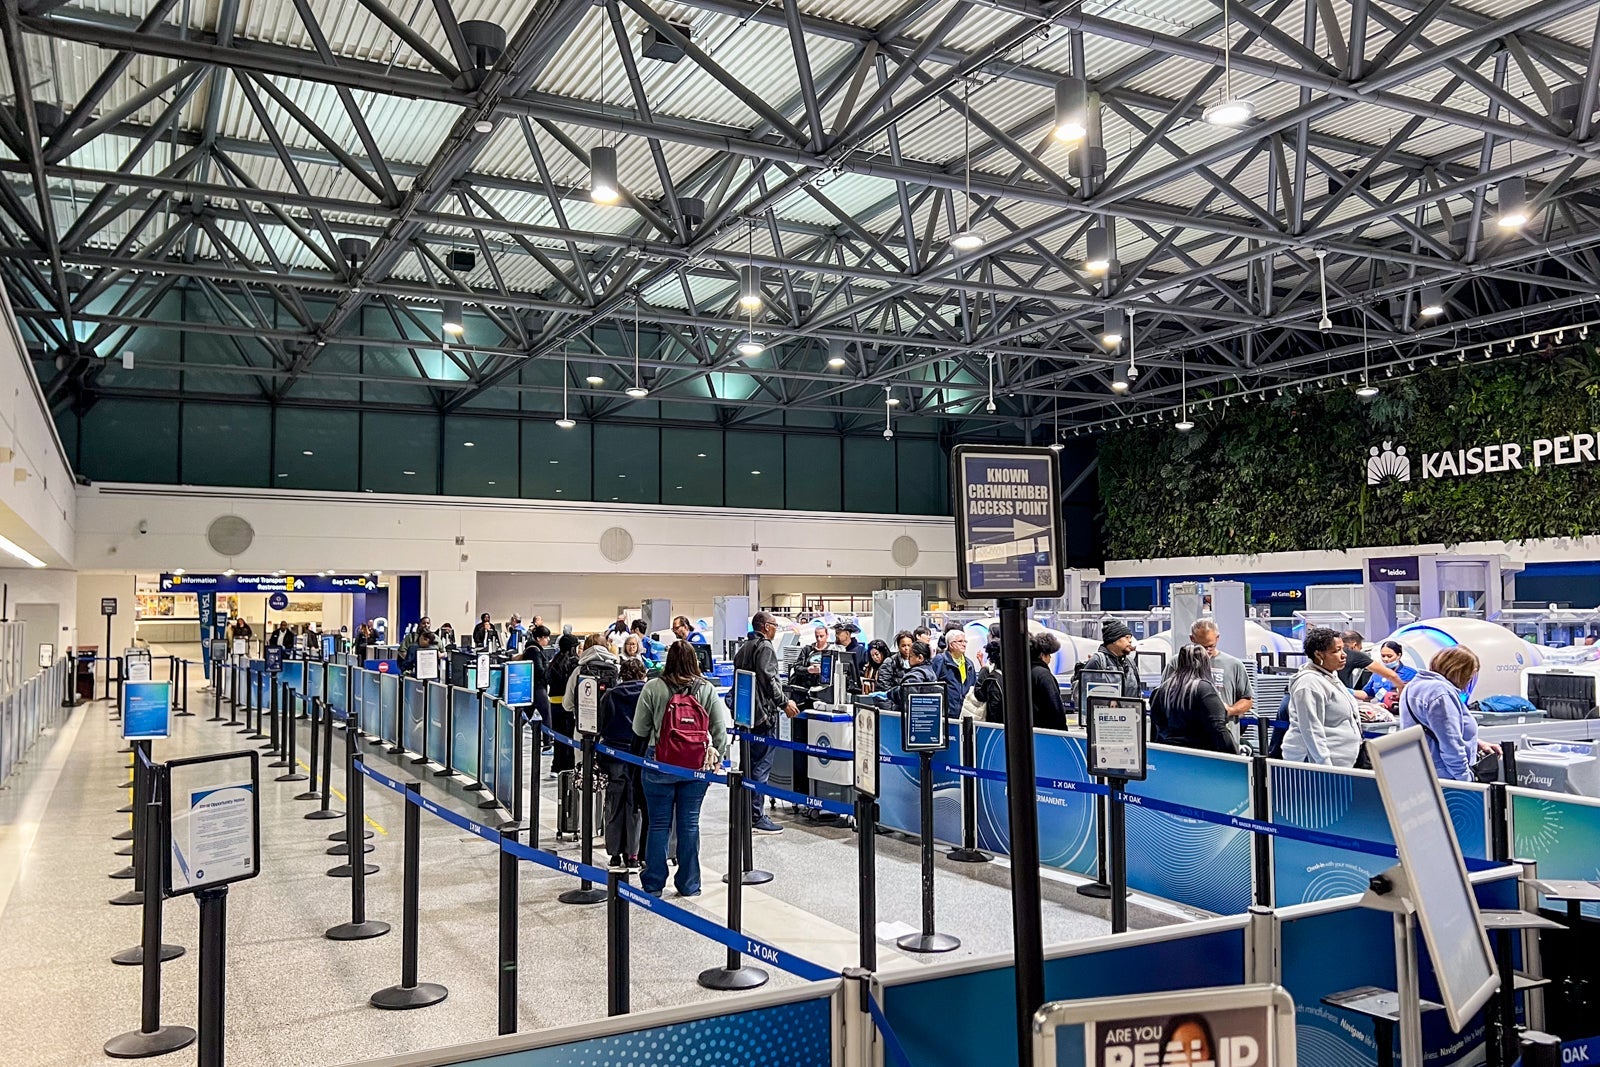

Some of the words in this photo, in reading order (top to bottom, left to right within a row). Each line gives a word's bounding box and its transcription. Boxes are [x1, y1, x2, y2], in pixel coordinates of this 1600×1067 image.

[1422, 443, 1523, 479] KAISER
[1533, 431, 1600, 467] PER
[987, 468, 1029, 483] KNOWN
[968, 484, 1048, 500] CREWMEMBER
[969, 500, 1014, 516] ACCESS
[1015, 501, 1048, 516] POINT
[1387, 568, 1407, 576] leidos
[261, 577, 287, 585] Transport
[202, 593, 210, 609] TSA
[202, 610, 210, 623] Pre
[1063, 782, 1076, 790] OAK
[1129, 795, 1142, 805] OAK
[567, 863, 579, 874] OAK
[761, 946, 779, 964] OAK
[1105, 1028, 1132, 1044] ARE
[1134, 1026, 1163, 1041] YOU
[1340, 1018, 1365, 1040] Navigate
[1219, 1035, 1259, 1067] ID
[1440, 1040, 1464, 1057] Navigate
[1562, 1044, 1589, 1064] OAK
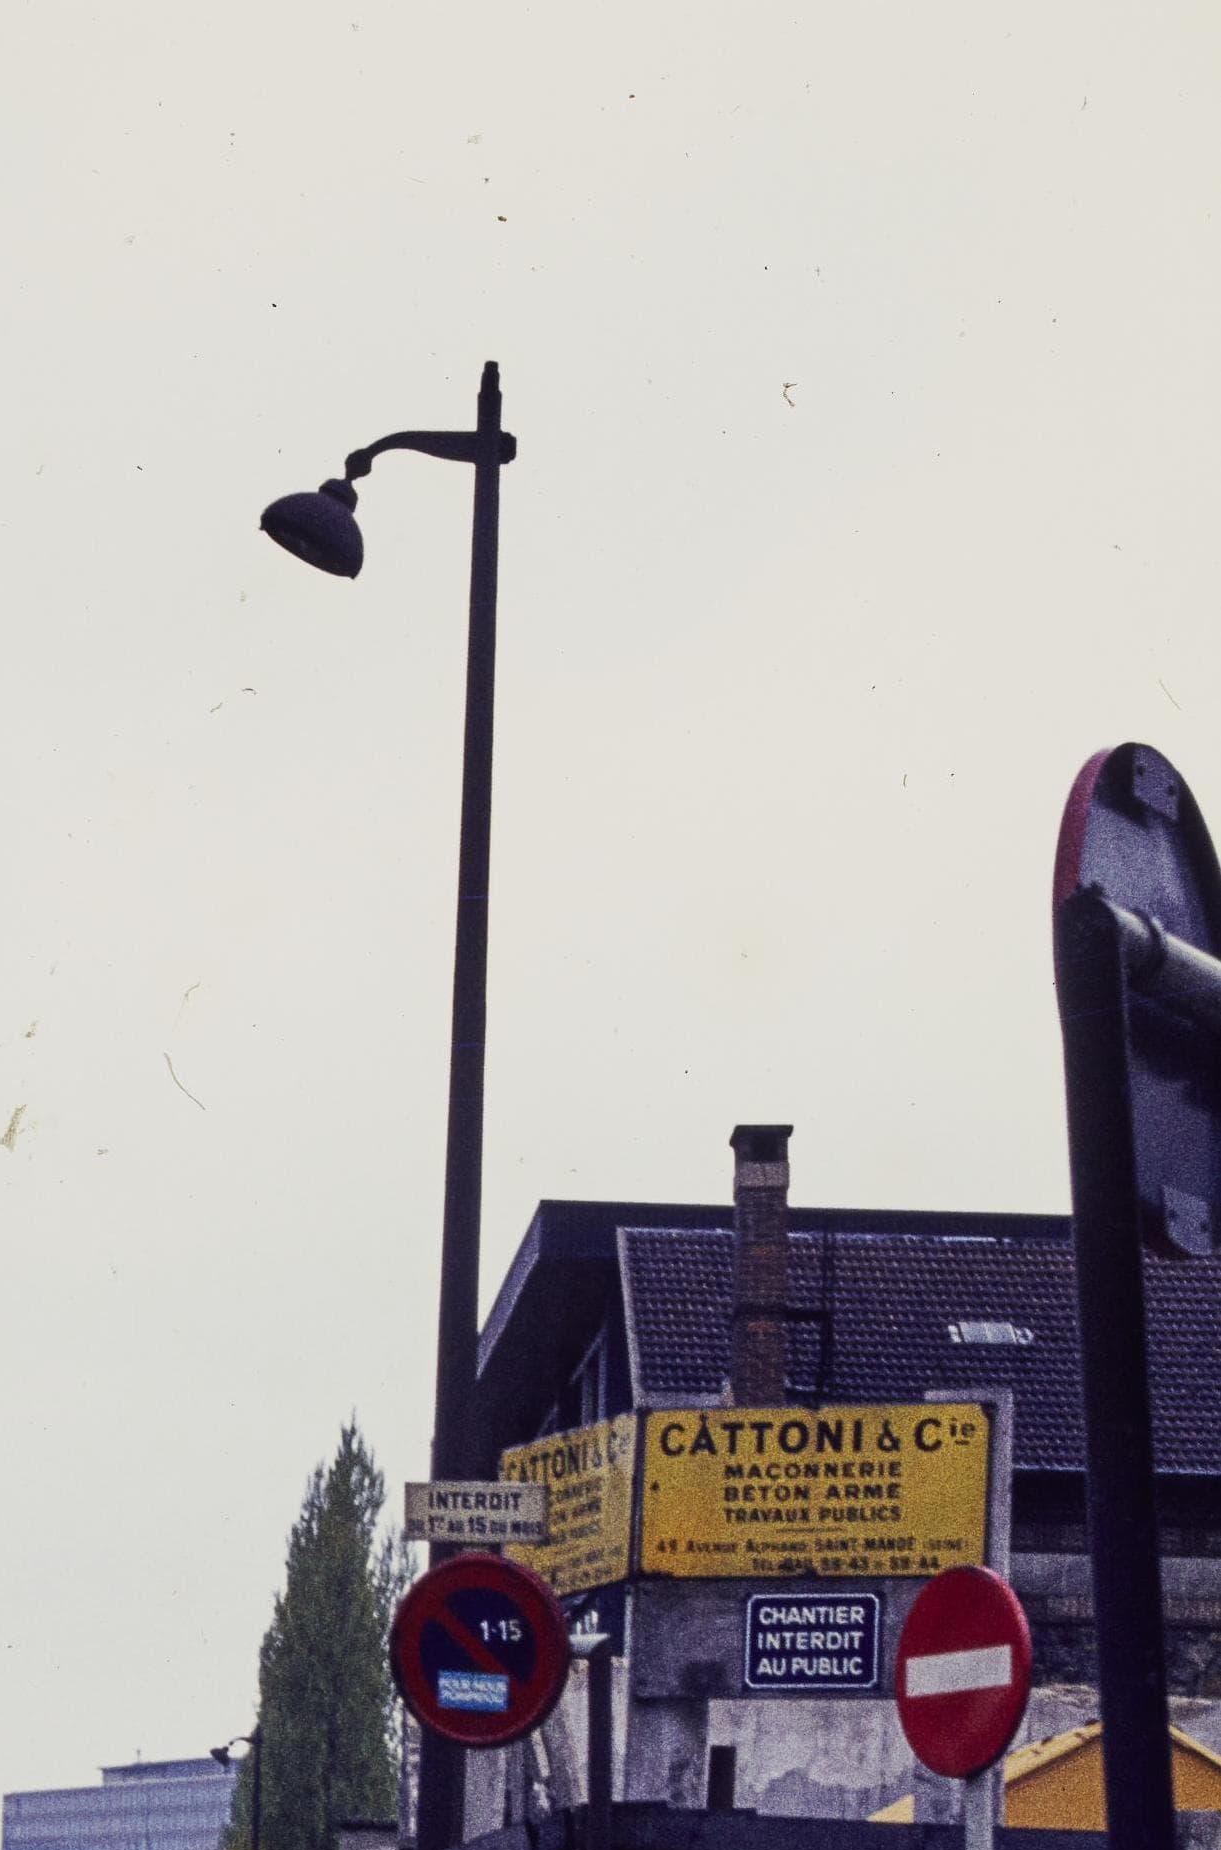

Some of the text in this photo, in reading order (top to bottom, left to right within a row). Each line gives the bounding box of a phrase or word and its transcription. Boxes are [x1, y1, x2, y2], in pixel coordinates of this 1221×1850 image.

..............................

Output each record verbatim, but skip anything that is a picture.

Some of the words in this photo, in reading order (top to bottom, left to right within a row). Each line gives a word's bounding box and its transcription. Boxes are [x1, y1, x2, y2], in pixel coordinates of this 1600×1067 image.

[1422, 443, 1523, 479] KAISER
[1533, 431, 1600, 467] PER
[987, 468, 1029, 483] KNOWN
[968, 484, 1048, 500] CREWMEMBER
[969, 500, 1014, 516] ACCESS
[1015, 501, 1048, 516] POINT
[1387, 568, 1407, 576] leidos
[261, 577, 287, 585] Transport
[202, 593, 210, 609] TSA
[202, 610, 210, 623] Pre
[1063, 782, 1076, 790] OAK
[1129, 795, 1142, 805] OAK
[567, 863, 579, 874] OAK
[761, 946, 779, 964] OAK
[1105, 1028, 1132, 1044] ARE
[1134, 1026, 1163, 1041] YOU
[1340, 1018, 1365, 1040] Navigate
[1219, 1035, 1259, 1067] ID
[1440, 1040, 1464, 1057] Navigate
[1562, 1044, 1589, 1064] OAK

Some of the text in this photo, in reading order (top to bottom, left to right within a row). Each line gives the bounding box of a phrase or word and its transcription. Boxes are [x1, y1, x2, y2], in pixel coordinates of this 1221×1850 image.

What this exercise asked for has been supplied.